Comment les élections montréalaises fonctionnent-elles ?

Condensé sur la théorie électorale de la métropole.

Alexandre Gontier | Le Délit

Selon leur arrondissement, les citoyen·ne·s de Montréal sont invité·e·s à voter pour combler de deux à cinq postes lors des élections municipales. Comment tout cela fonctionne-t-il ?

Lorsque vous allez aux urnes, vous votez tout d’abord pour élire des candidat·e·s qui vont représenter votre district électoral aux différents conseils. Les districts sont en quelque sorte les équivalents des circonscriptions aux élections fédérales et provinciales : c’est la plus petite division de territoire affectant le résultat des élections.

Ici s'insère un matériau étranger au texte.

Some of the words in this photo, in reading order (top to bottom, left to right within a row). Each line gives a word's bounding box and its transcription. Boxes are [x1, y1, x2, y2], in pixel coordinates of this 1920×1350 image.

La Ville de Montréal compte 58 districts électoraux.

En plus d’être divisée en districts, Montréal est divisée en 19 arrondissements formés d’un regroupement de deux à cinq districts. Ces arrondissements ont un certain degré d’autonomie : ils possèdent un conseil d’arrondissement qui a pour but d’assurer les services de proximité et de prendre des décisions notamment en matière de loisirs, de permis, ou d’urbanisme. Il est composé d’un·e maire·sse d’arrondissement, des conseiller·ère·s d’arrondissement ainsi que des conseiller·ère·s de ville élu·e·s dans cet arrondissement.

« Les électeur·rice·s qui n’ont pas voté par anticipation pourront se rendre aux urnes les 6 et le 7 novembre prochains »

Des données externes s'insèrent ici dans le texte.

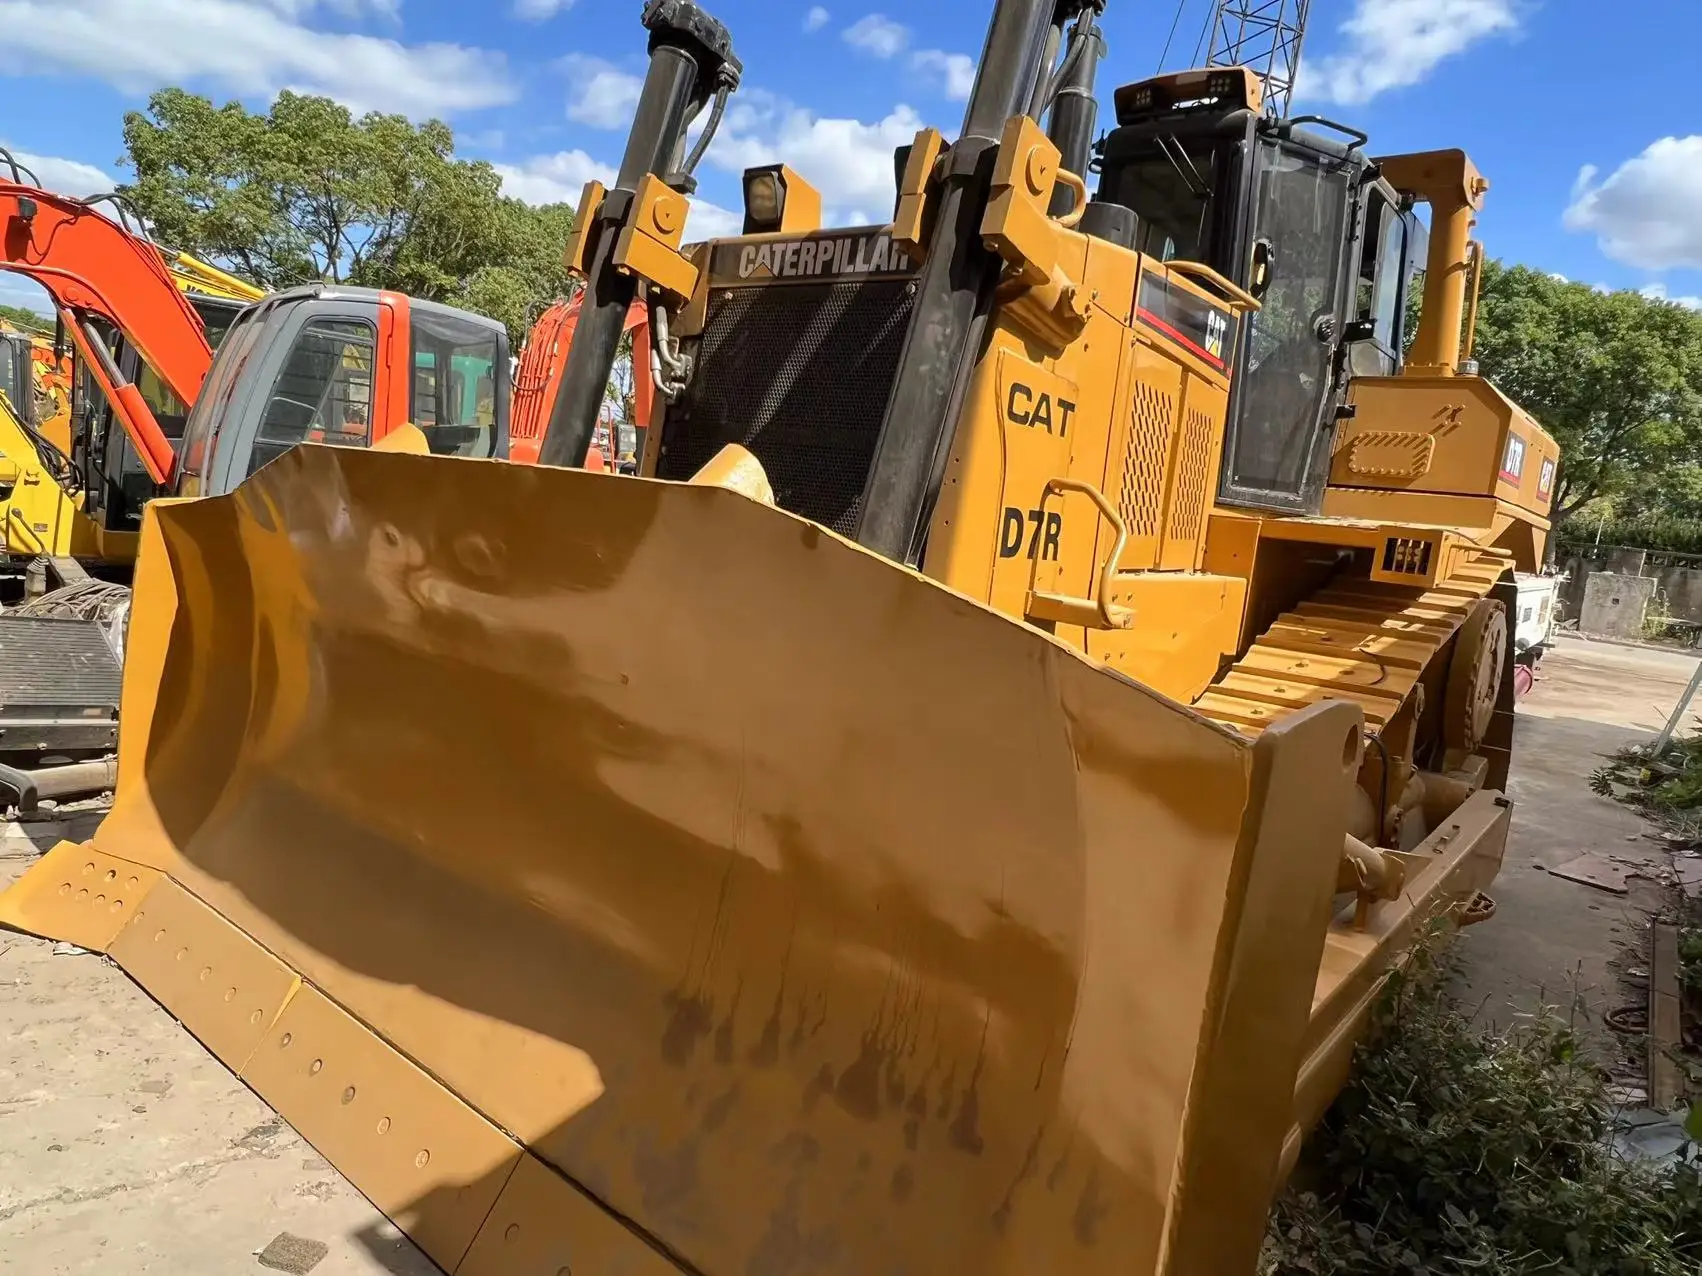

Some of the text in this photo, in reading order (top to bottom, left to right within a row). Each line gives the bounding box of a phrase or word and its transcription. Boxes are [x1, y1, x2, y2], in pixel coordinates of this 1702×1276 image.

[738, 235, 909, 279] CATERPILLAR
[1205, 310, 1227, 358] CAT
[1007, 382, 1076, 438] CAT
[1000, 507, 1061, 561] D7R

Finalement, le Conseil municipal représente l’instance décisionnelle principale de la Ville de Montréal. Il prend des décisions pour l’ensemble de la Ville et s’occupe notamment du budget, des règlements, des programmes de subventions et des ententes gouvernementales. Il est composé de le·a maire·sse de la Ville, des 18 maire·sse·s d’arrondissement et des 46 conseiller·ère·s de ville.

Ainsi, les citoyen·ne·s de tous les arrondissements votent pour élire d’abord le·a maire·sse de la Ville et leur maire·sse d’arrondissement. Dans le cas de l’arrondissement Ville-Marie, les citoyen·ne·s n’ont pas à élire de maire·sse d’arrondissement : le·a maire·sse de la Ville devient automatiquement maire·sse de l’arrondissement Ville-Marie.

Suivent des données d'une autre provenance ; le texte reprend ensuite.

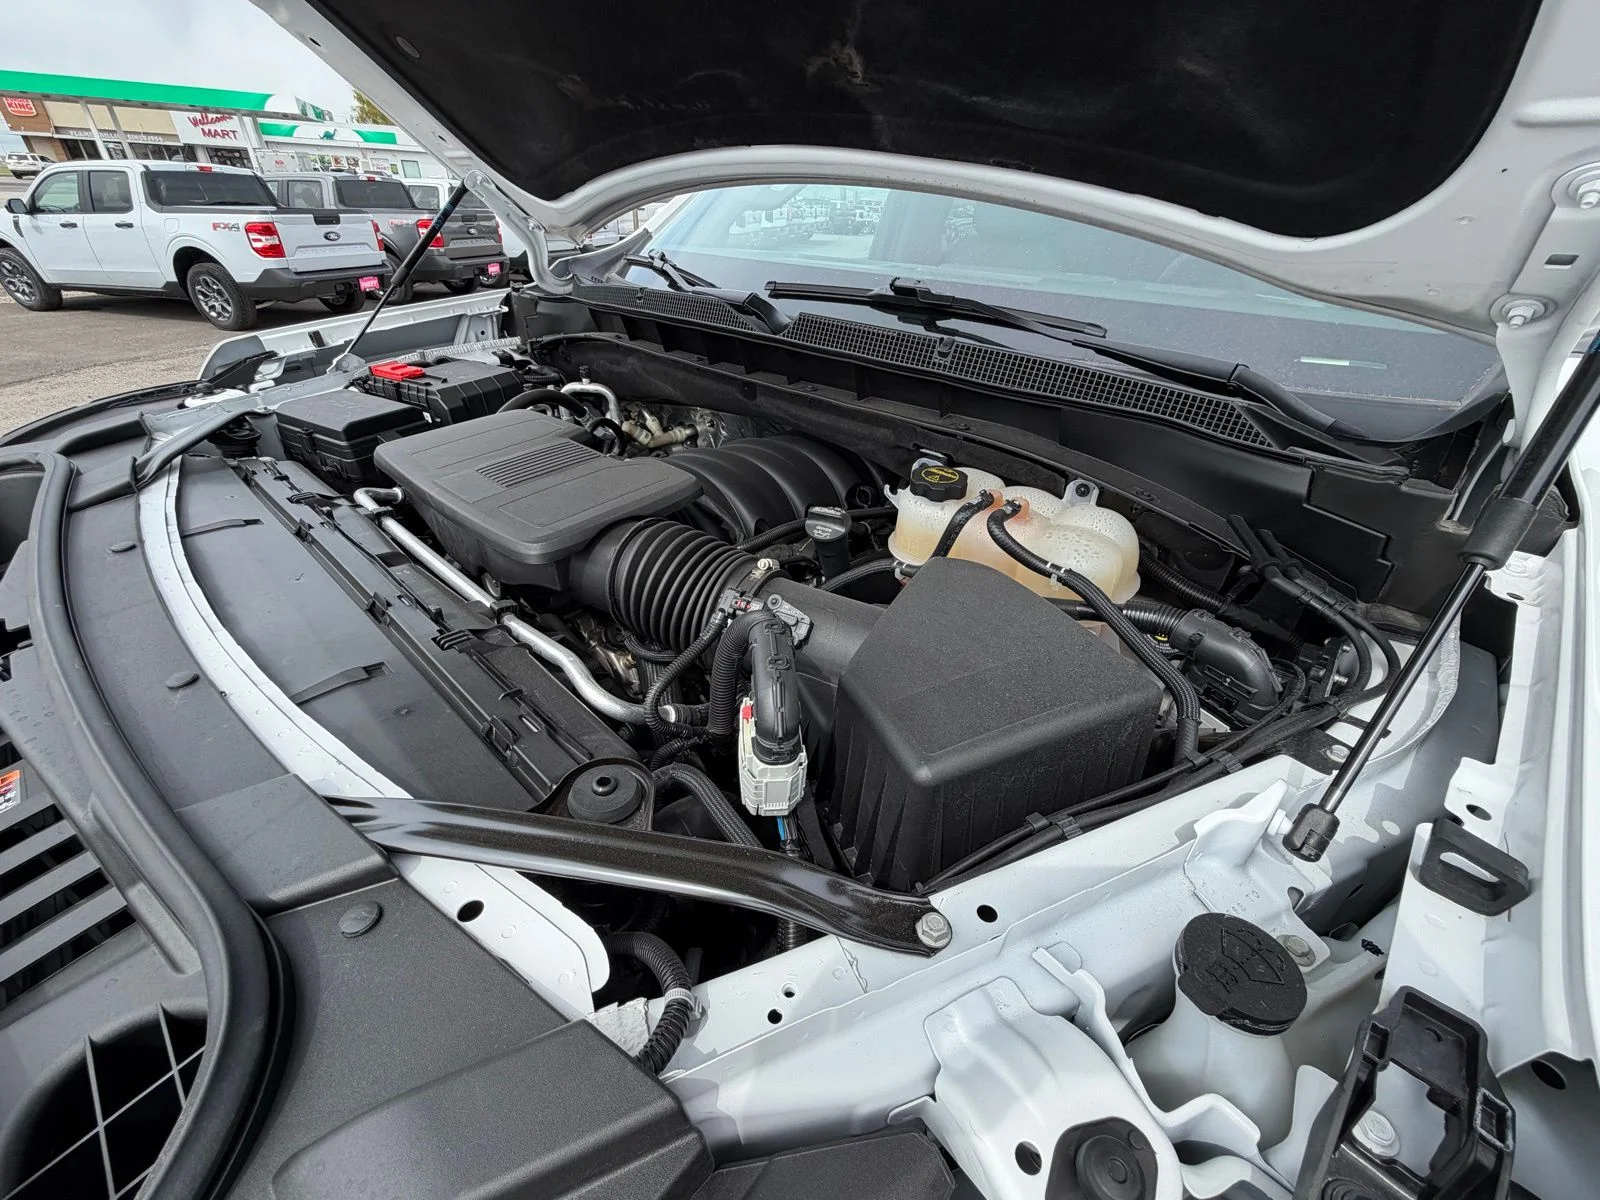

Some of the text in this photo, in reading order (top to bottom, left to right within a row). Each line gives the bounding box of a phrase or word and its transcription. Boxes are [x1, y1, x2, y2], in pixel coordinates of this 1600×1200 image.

[7, 101, 33, 110] KING
[201, 127, 238, 140] MART
[211, 222, 240, 231] FX4

De plus, les postes à combler varient d’un arrondissement à l’autre. En effet, plus un arrondissement est populeux, plus il possède de conseiller·ère·s de ville, afin d’assurer une représentation équitable au Conseil municipal. Par exemple, dans l’arrondissement le plus peuplé de Montréal, Mercier–Hochelaga-Maisonneuve, il n’y a que des conseiller·ère·s de ville et aucun·e conseiller·ère d’arrondissement. Dans les arrondissements peu peuplés, comme Outremont, il n’y a aucun conseiller·ère de ville, ce qui signifie que le·a maire·sse d’arrondissement est leur seul·e représentant·e au Conseil municipal.

Les électeur·rice·s qui n’ont pas voté par anticipation pourront se rendre aux urnes les 6 et le 7 novembre prochains.